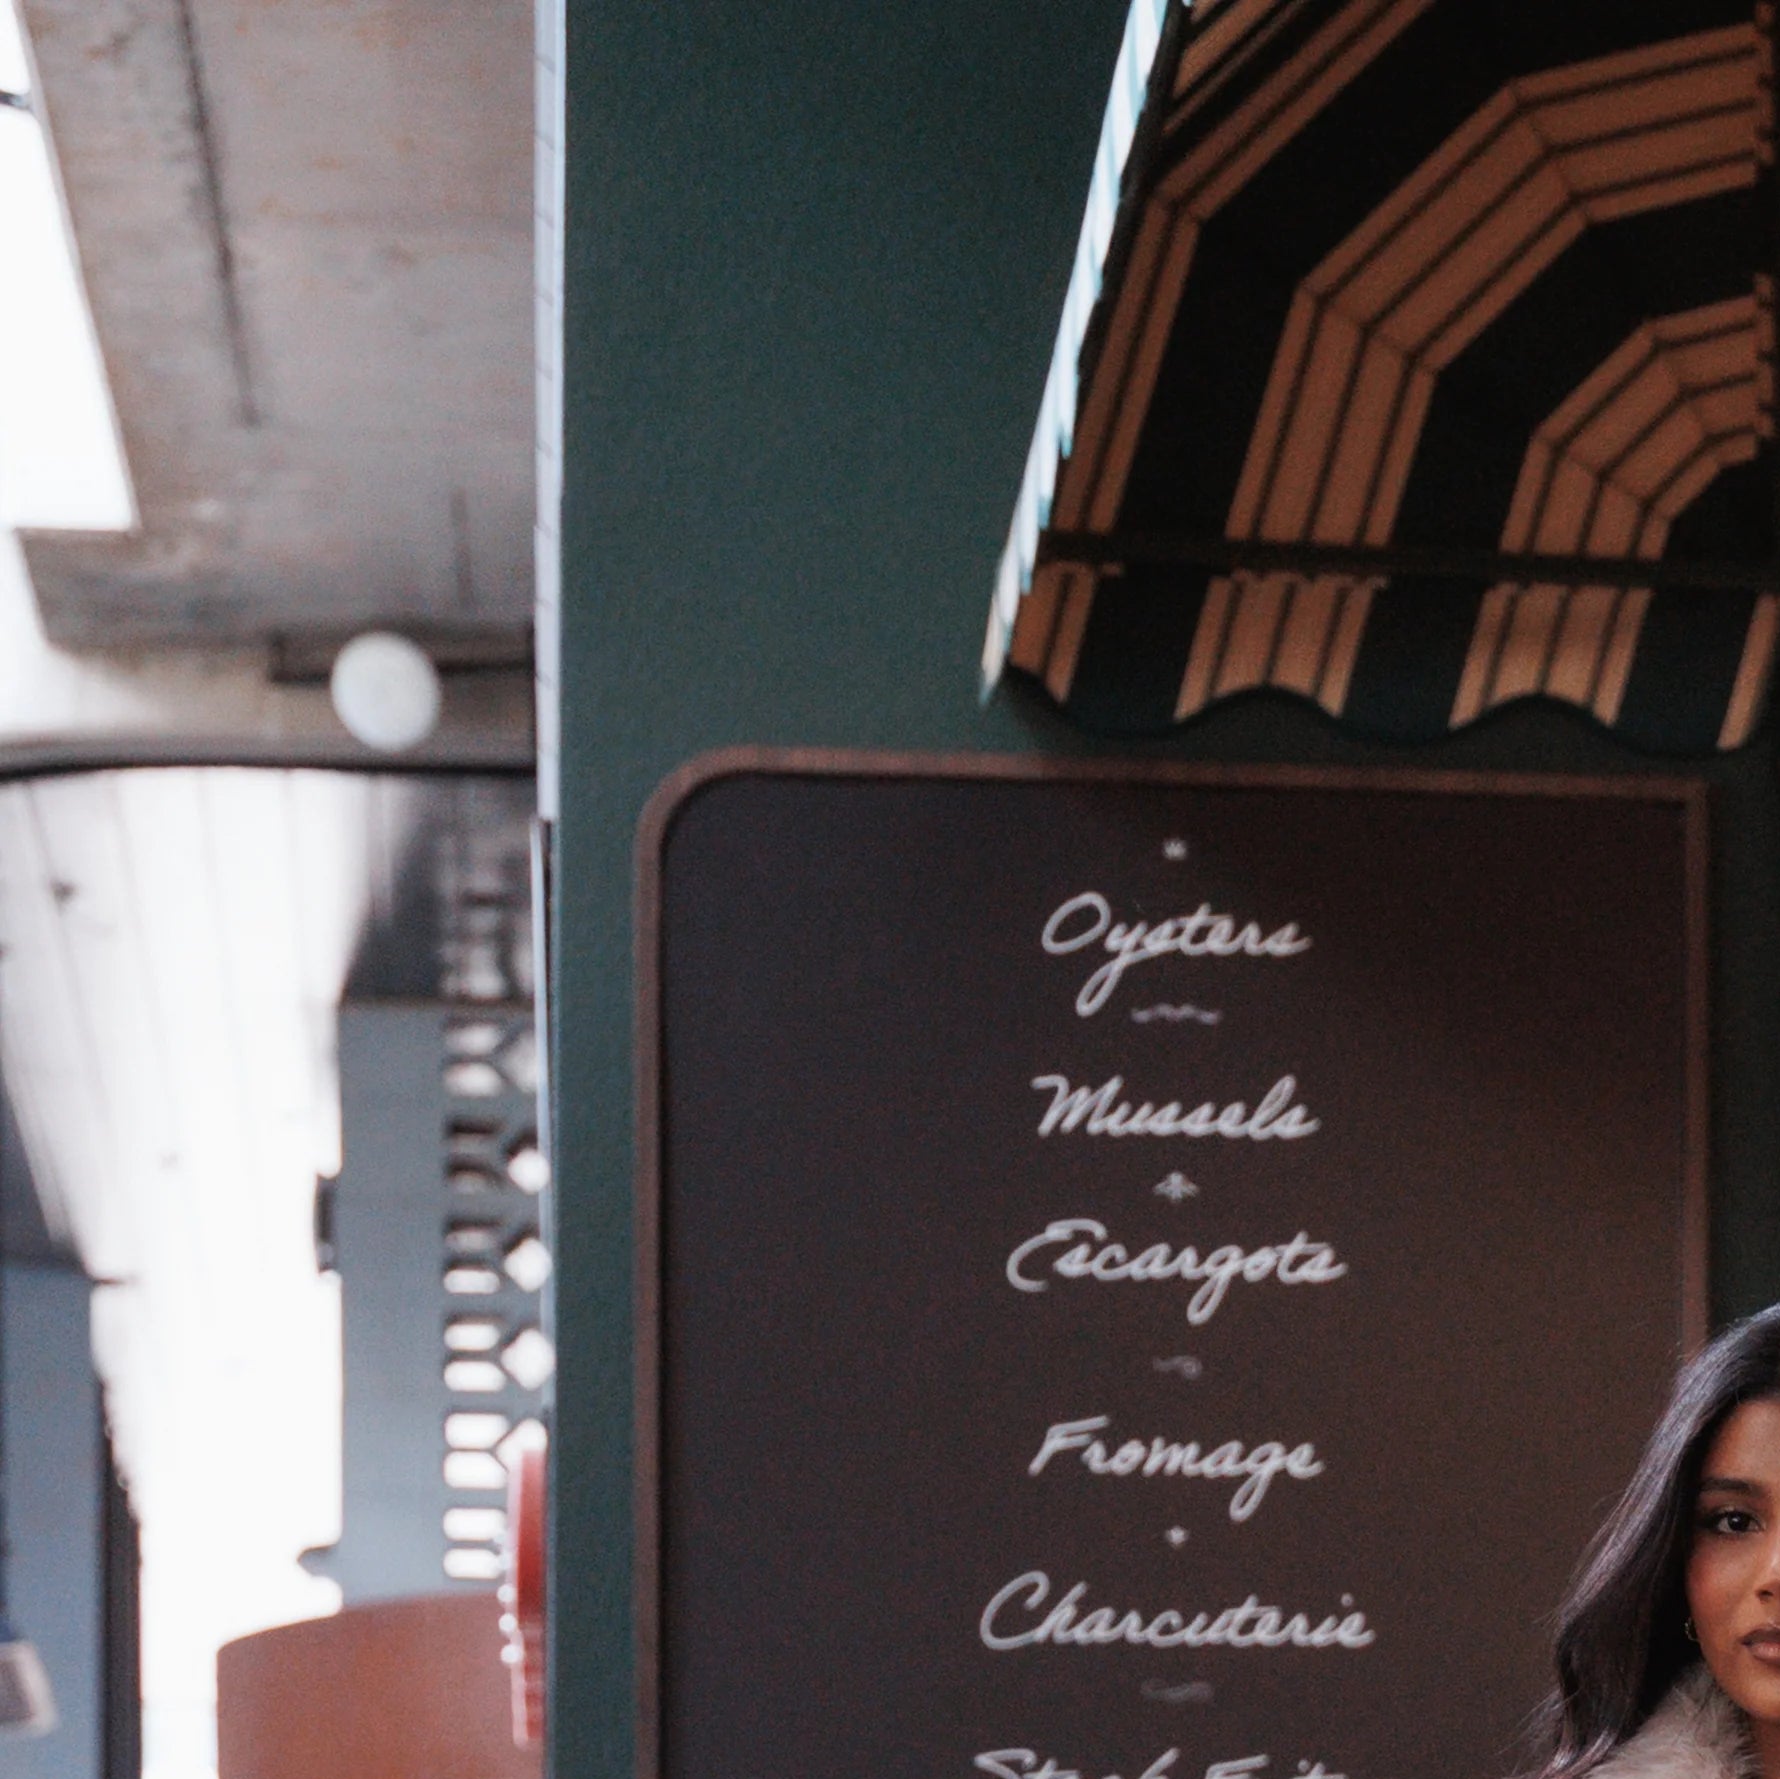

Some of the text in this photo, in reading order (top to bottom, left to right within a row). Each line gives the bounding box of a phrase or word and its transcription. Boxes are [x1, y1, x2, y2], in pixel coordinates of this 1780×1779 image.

[1042, 892, 1311, 1015] Oysters
[1031, 1074, 1320, 1140] Mussels
[1006, 1218, 1347, 1325] Escargots
[1028, 1416, 1323, 1521] Fromage
[980, 1571, 1375, 1650] Charcuterie

++++++++++

Exercise details: Wherever an image appears, omit it, and retype everything else in the entries exactly.

Answer for this exercise:
Some of the text in this photo, in reading order (top to bottom, left to right within a row). Each line gives the bounding box of a phrase or word and its transcription. Boxes are [x1, y1, x2, y2], in pixel coordinates of this 1780×1779 image.

[1042, 892, 1311, 1015] Oysters
[1031, 1074, 1320, 1140] Mussels
[1006, 1218, 1347, 1325] Escargots
[1028, 1416, 1323, 1521] Fromage
[980, 1571, 1375, 1650] Charcuterie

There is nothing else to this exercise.